Once you have chosen your sea creatures, chosen your recipes, decided what order to serve them in, and tried them a time or two, you are ready to start dialing in the details. You need to be sure where you can get your proteins on feast day. In many cases, we pre-order our seafood to remove any doubt or worry that our proteins might not be available on feast day. You need to make sure that you have purchased all of your other ingredients. Get a correct headcount or a contingency plan for unexpected extra mouths. You need to decide what you are going to do ahead of time. My wife and I take this a bit to the extreme. A few days before the feast we plan out a schedule that details down to the minute when to begin a course, fire the grill, preheat the oven etc. We also make a comprehensive list of all Mise en place (fancy French term for having all your ingredients measured, cut, peeled, sliced, grated, etc. before you start cooking) so we know exactly what needs to be prepared before our guests arrive. Your friends may be really impressed with how fast you can chop bell peppers, but they came to spend time with you, not to get a lesson in chopping. The more you can do ahead of time, the more you can relax and enjoy the event. This applies to any size dinner party. I’ll even go so far as to pre-mix the ingredients that go together, pre-measure them, and lay them out in order on my counter. This frees you up to socialize, and it keeps you out of the weeds. If you are doubling or tripling a recipe, doing the math on the fly, especially after a few glasses of wine, is dangerous.

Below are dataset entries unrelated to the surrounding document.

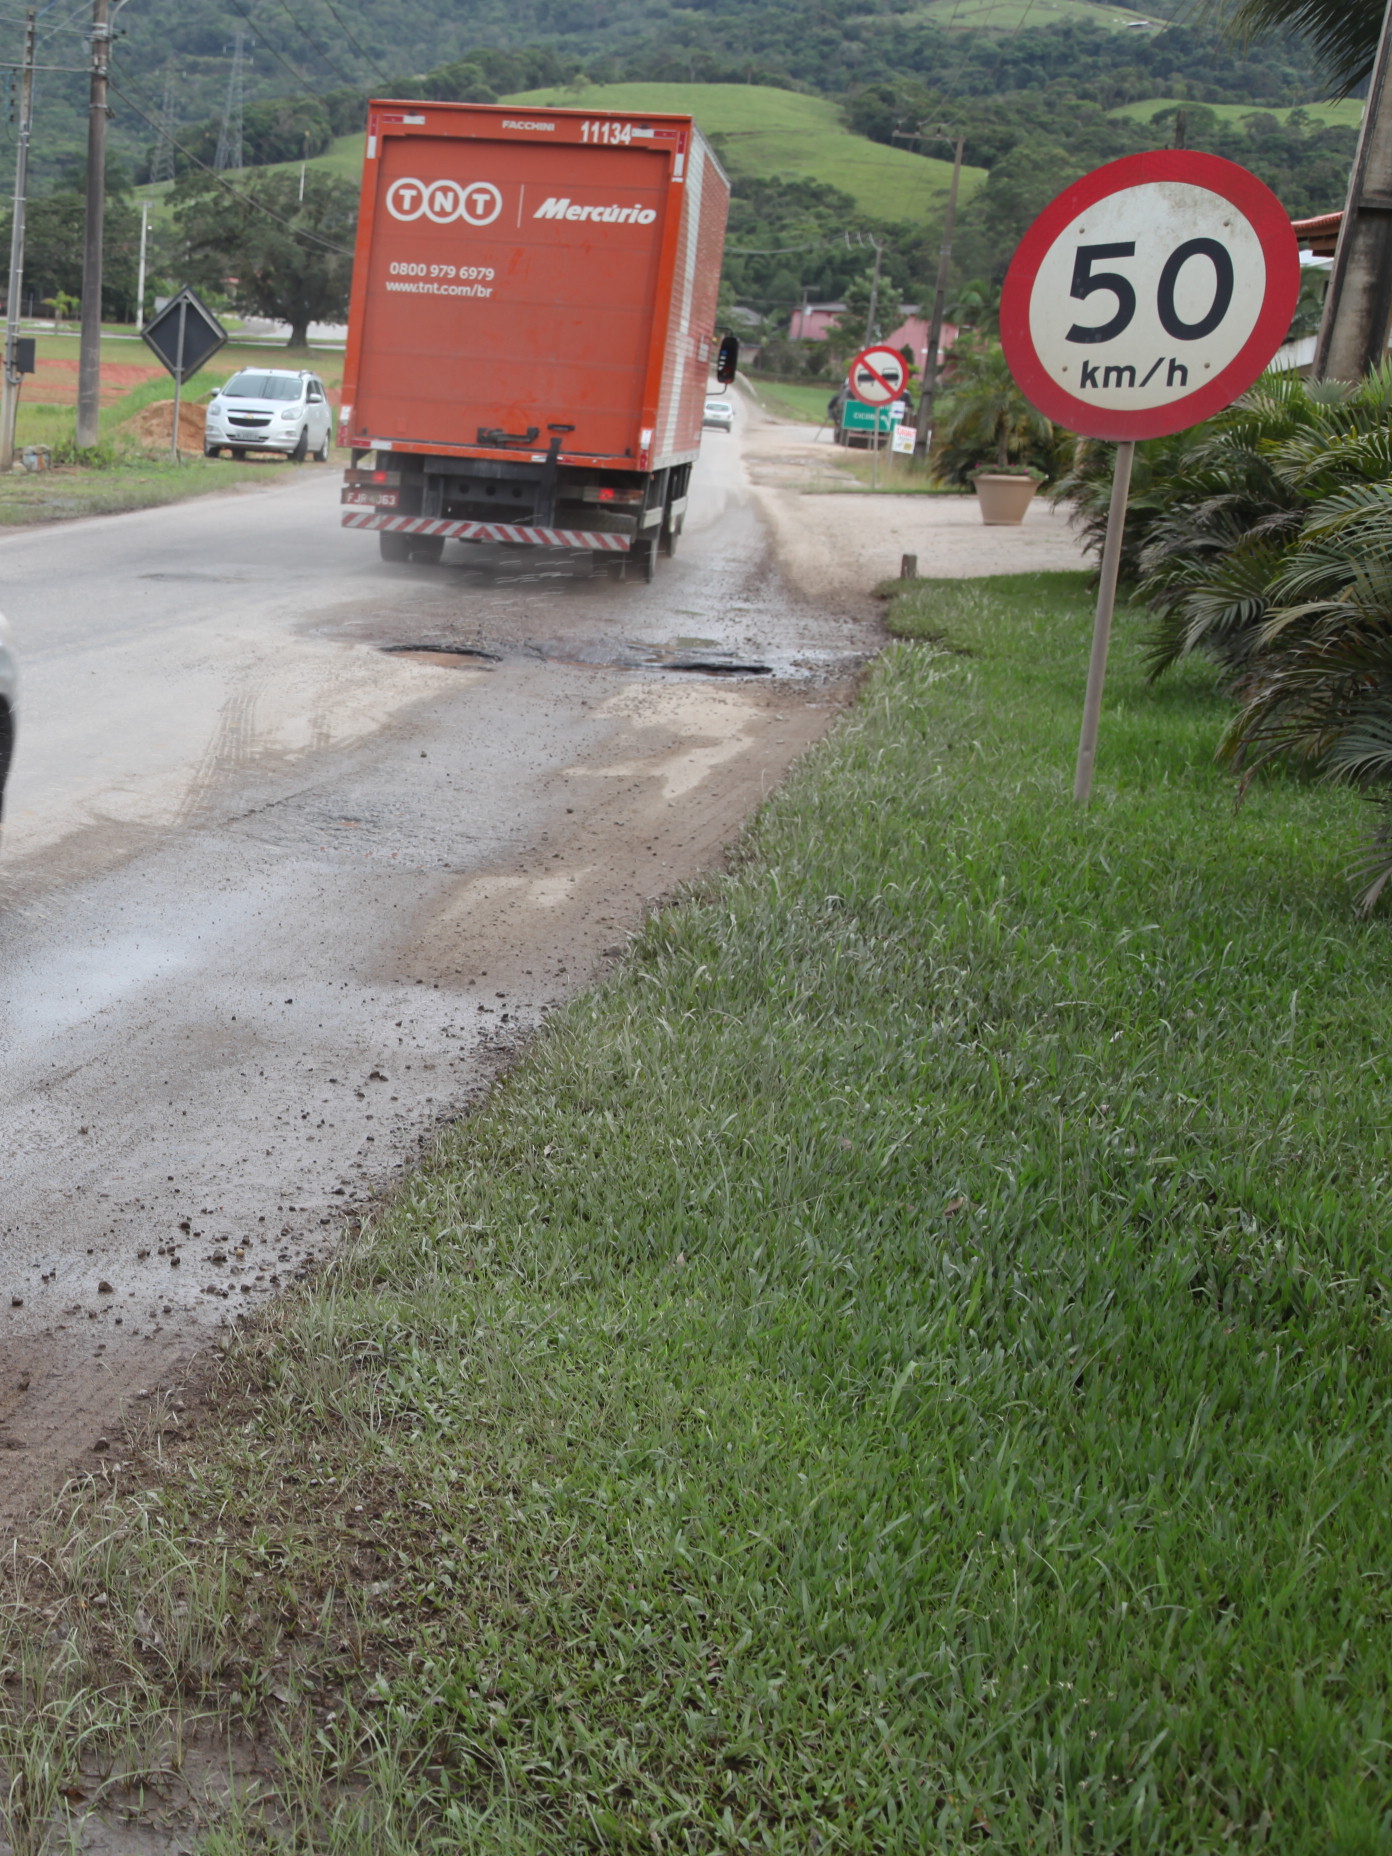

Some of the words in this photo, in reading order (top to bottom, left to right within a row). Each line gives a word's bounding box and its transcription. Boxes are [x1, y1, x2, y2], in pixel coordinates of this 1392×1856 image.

[501, 119, 555, 132] FACCHINI
[580, 120, 633, 145] 11134
[396, 186, 493, 218] TNT
[532, 197, 657, 225] Mercúrio
[389, 262, 426, 278] 0800
[430, 264, 456, 279] 979
[459, 265, 495, 281] 6979
[385, 280, 494, 298] www.tnt.com/br
[1064, 236, 1235, 345] 50
[1079, 356, 1189, 389] km/h

Of all the things that makes a feast outstanding, the one that I think contributes the most is the one that I can’t share with you. It is the satisfaction of creating such a fun and special event with a great partner. Cooking with my wife is without question my greatest joy in life. We work together so well in cooking as in life, but at the feast it is on display for all of our best friends. Cooking the feast and preparing for the feast and testing dishes is a huge part of the identity of my little family unit. The kids are involved and we talk about it all year long. It shows our children that we are loving and connected and generous. We test dishes, we give critiques and make adjustments, and everyone’s input is valued. We decide who is the better person to perform each task. I’m the better butcher. She is the better saucier. I couldn’t do this huge event without her and I wouldn’t want to. The relationship improves the event and the event improves the relationship. I cannot tell you how to accomplish that in your own home, however, it can be anything that you tackle as a team that you both enjoy. One way that you can maximize this at a feast meal is to plan ahead and talk it out before you start cooking. Knowing who is responsible for each part of the meal will help promote harmony throughout the event and will make it more likely to be pleasant and successful.
All in all, the biggest success you can have after a feast of your own is stepping back and looking into a room of your closest friends and family. Their laughter and enjoyment of an evening spent drinking wine and eating delicious food is what should make your heart smile. If you choose to do a feast, the preparation is extreme, but the payoff is as well. Make sure you take the time to enjoy a conversation and connection with your guests. Take some pictures, make some toasts, and don’t let the details bog down the overall happiness of an event like this.